The appellant has raised 4 grounds of Appeal. In the interest of simplification in a case which has already generated volumes upon volumes of typescripts, loads and loads of documents and involved various professionals, officers and experts at various stages in an application that started in 1993, we shall cull the gist of the grounds of appeal rather than reproduce them. Under Ground 1, it is the contention of the Appellant that the Constitutional Court misapplied the orders made by this Court in assessing the quantum, which should have been calculated on the current market value rather than value as at 1993. Under Ground 2, the argument is that the facts of this case do not attract the application of paragraph 14(1) of Schedule 7 of Part 3 of the Constitution which deals with claims whereas the present matter deals with compensation. Ground 3 challenges the valuation of the two experts and the Court’s appreciation of their evidence. Ground 4 challenges the conclusion of the Constitutional Court according to which it was not clear whether the transactions relating to the properties in lite took place before or after the coming into force of the 1993 Constitution.
The respondents resisted the appeal and supported the judgment of the Constitutional Court in their Heads of Argument. Learned counsel, however, while submitting before us, supported the interpretation given by the Constitutional Court but sought in aid paragraph 14(3) which, according to her, could mitigate the harshness resulting from that interpretation. In other words, her submission has been that a payment of interest could be envisaged, conceding that there were special circumstances to this case which warranted its invocation. Paragraph 14(3) provides for the payment, “in special circumstances .... of such interest as may be just.” Asked what would be the rate on the 1993 market price, she stated that it could only be the 4% legal rate which is currently applied but she needed more time to know more. Asked whether such a solution was acceptable, learned counsel for the appellant declined to entertain that option. To him, his case was, purely and simply, one for full compensation at the current market rate and not the 1993 rate.

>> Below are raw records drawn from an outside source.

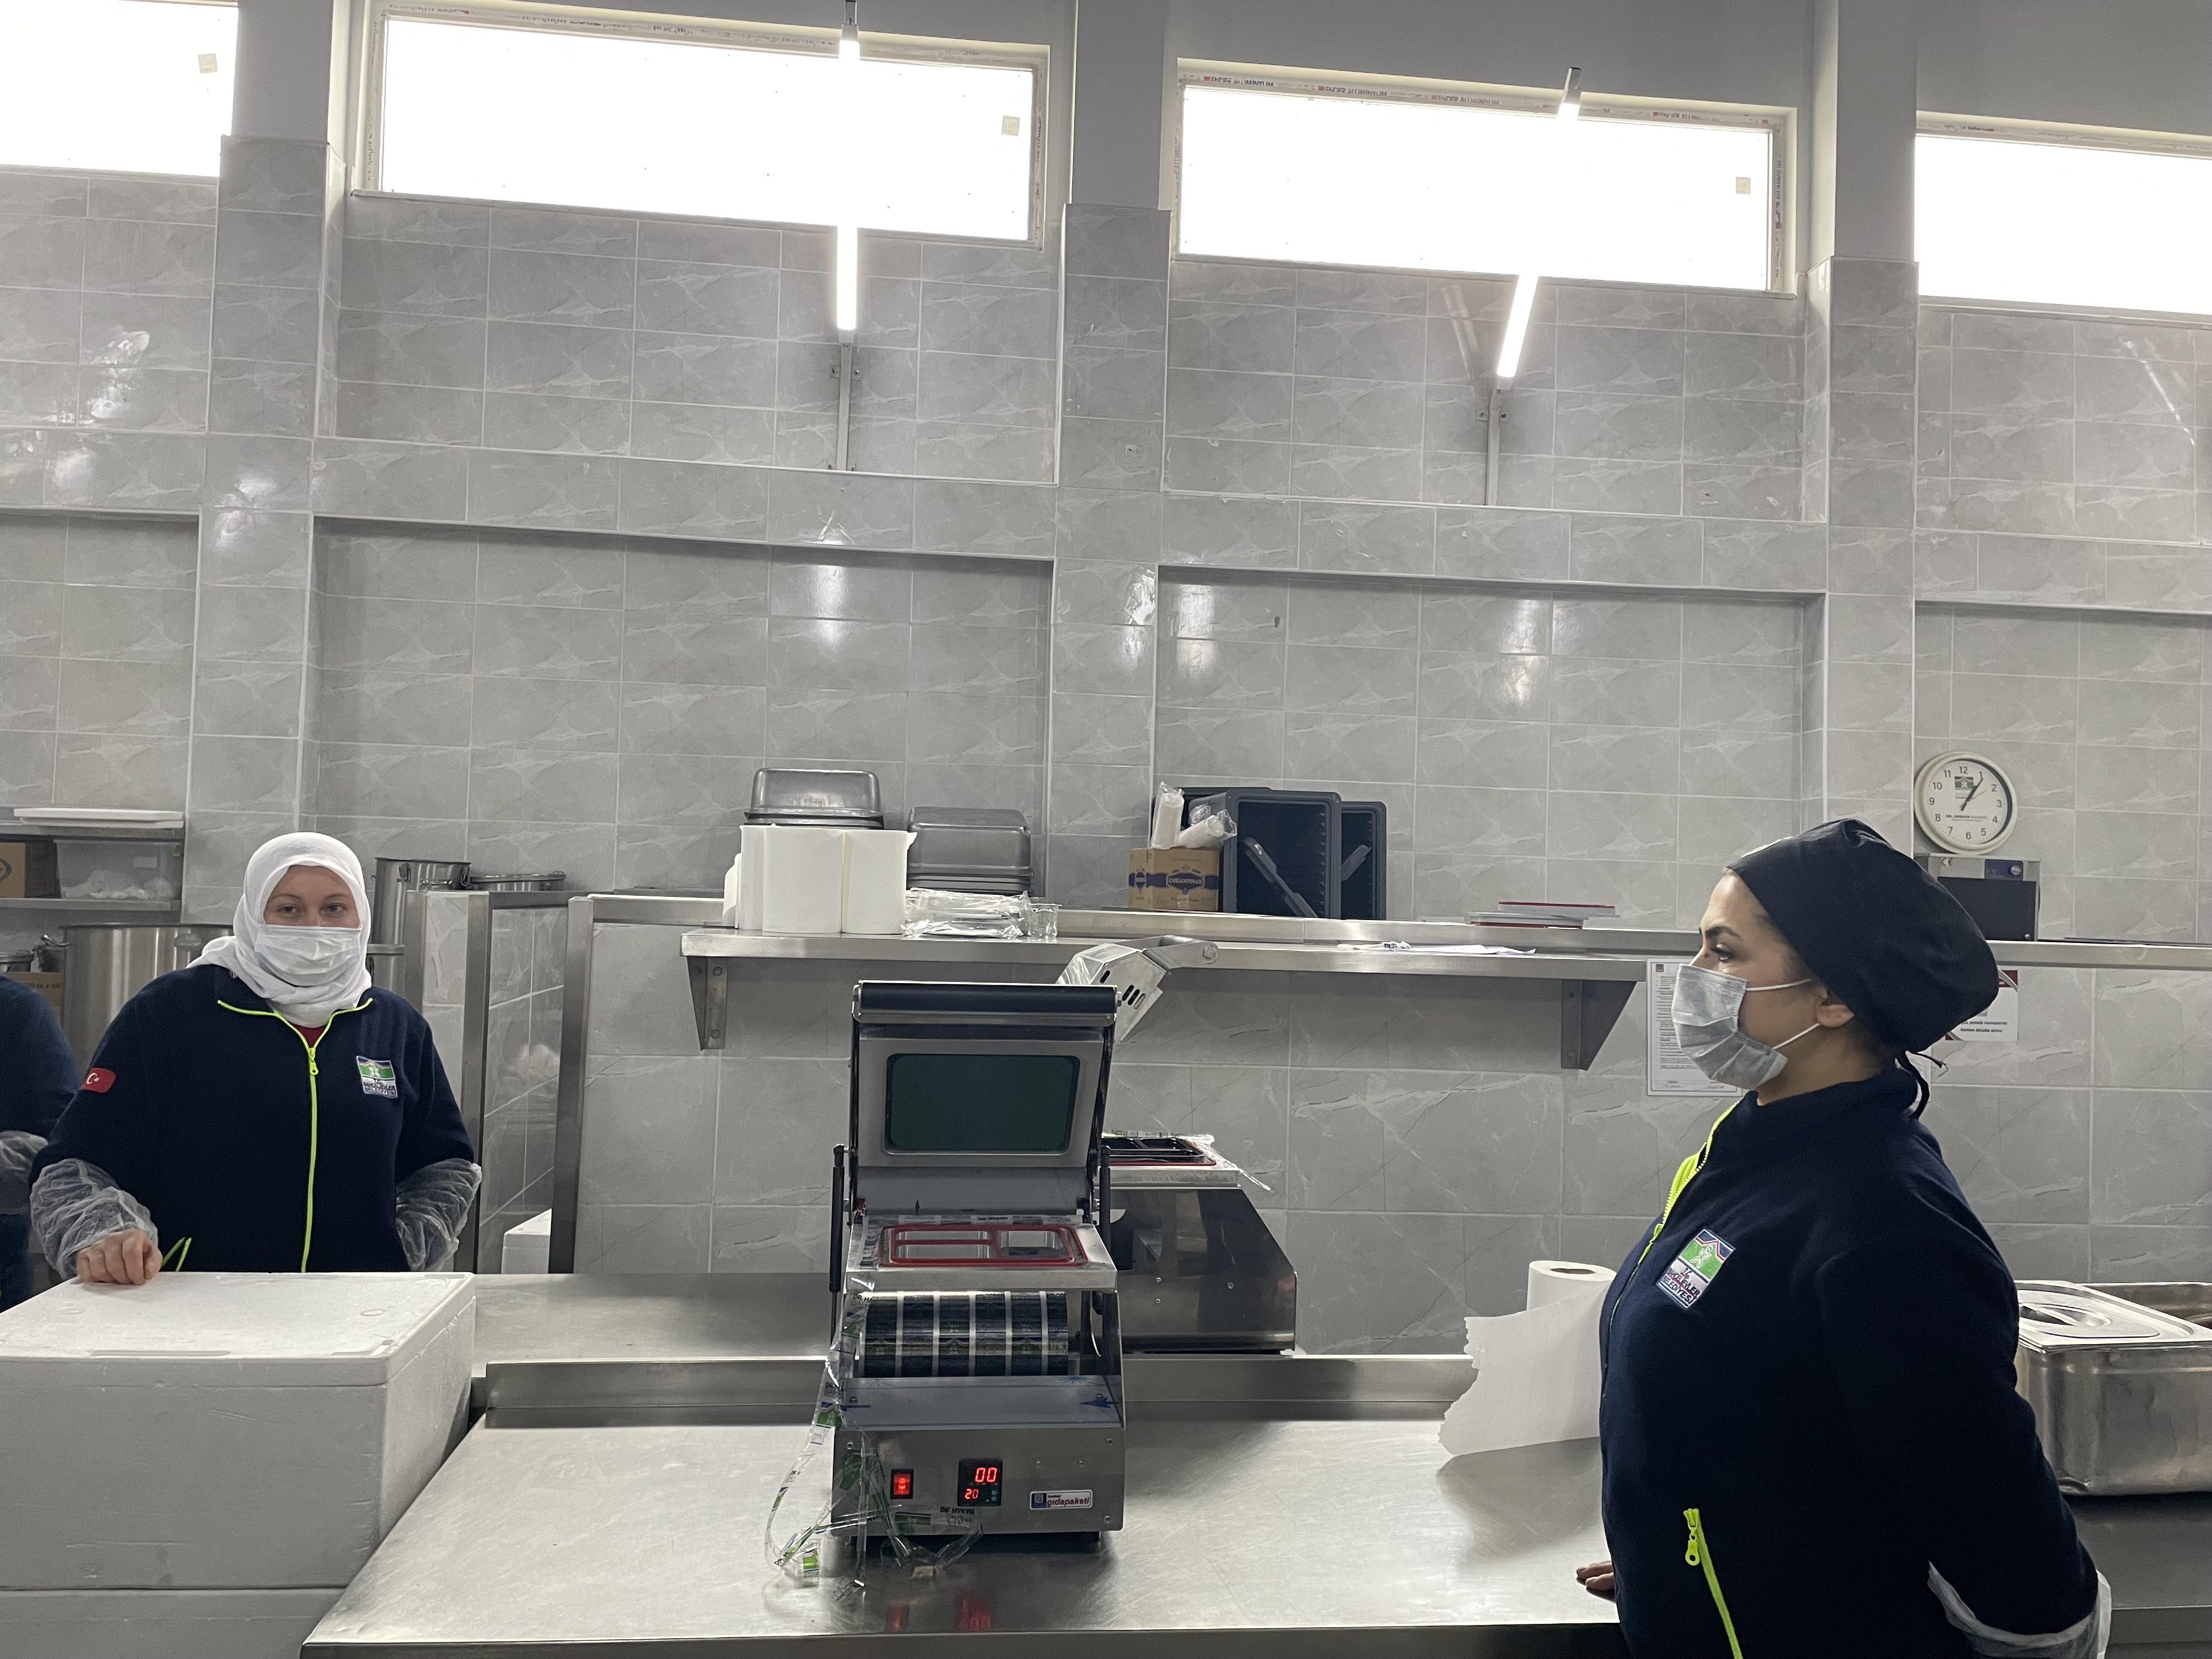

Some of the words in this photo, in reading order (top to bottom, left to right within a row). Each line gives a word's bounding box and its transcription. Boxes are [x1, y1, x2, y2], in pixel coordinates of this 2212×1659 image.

[1933, 782, 1942, 790] 10
[1929, 797, 1935, 805] 9
[1935, 814, 1940, 822] 8
[1948, 826, 1953, 834] 7
[1981, 828, 1986, 836] 5
[1966, 831, 1971, 839] 6
[975, 1467, 997, 1482] 00
[965, 1488, 979, 1499] 20

To decide the issue, we need to examine Schedule 7, Part III of the Constitution of the Republic of Seychelles before applying the law to the particular facts of this case. First as to the applicable law.
Part III reads:
COMPENSATION FOR PAST LAND ACQUISITIONS
“14(1). The State undertakes to continue to consider all applications made during the period of twelve months from the date of the coming into force of this Constitution by a person whose land was compulsorily acquired under the Land Acquisition Act, 1977 during the period starting June, 1977 and ending on the date of coming into force of this Constitution and to negotiate in good faith with the person with a view to –
where on the date of the receipt of the application the land has not been developed or there is no government plan to develop it, transferring back the land to the person;
where there is a government plan to develop the land and the person from whom the land was acquired satisfies the government that the person will implement the plan or a similar plan, transferring back the land to the person;
where the land cannot be transferred back under sub-sub-paragraphs (a) or sub-sub-paragraphs (b), -
as full compensation for the land acquired, transferring to the person another parcel of land of corresponding value to the land acquired;
paying the person full monetary compensation for the land acquired; or
as full compensation for the land acquired, devising a scheme of compensation combining items (i) and (ii) up to the value of the land acquired.”

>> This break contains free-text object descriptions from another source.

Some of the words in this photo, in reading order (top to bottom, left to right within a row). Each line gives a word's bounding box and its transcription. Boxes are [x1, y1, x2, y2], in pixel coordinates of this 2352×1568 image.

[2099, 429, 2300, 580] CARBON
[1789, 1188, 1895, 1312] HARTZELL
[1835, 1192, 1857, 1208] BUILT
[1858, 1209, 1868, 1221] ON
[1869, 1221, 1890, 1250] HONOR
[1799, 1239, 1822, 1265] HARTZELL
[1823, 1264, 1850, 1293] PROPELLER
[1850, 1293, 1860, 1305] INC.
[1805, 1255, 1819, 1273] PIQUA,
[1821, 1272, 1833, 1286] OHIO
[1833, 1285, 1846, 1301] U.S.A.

As may be seen, two conditions apply for paragraph 14(1) to kick in so that the 1993 compensation would become payable. One is that, on the date of the receipt of the application, the land has been developed. The other is that on that date, there is already a government plan to develop it. In the absence of those conditions, government is under a constitutional duty to transfer back the land to the person from whom the property was acquired. A duty to transfer would occur even where there is a government plan to develop the land but the person from whom the land was acquired satisfies government that he will implement the plan or a similar plan. Now, where the land cannot be transferred because the case falls outside those situations, there arises a duty to give full compensation in cash or in kind: either transferring to the person another parcel of land of corresponding value to the land acquired or paying the person full monetary compensation for the land acquired; or devising a scheme of compensation combining items (i) and (ii) up to the value of the land acquired..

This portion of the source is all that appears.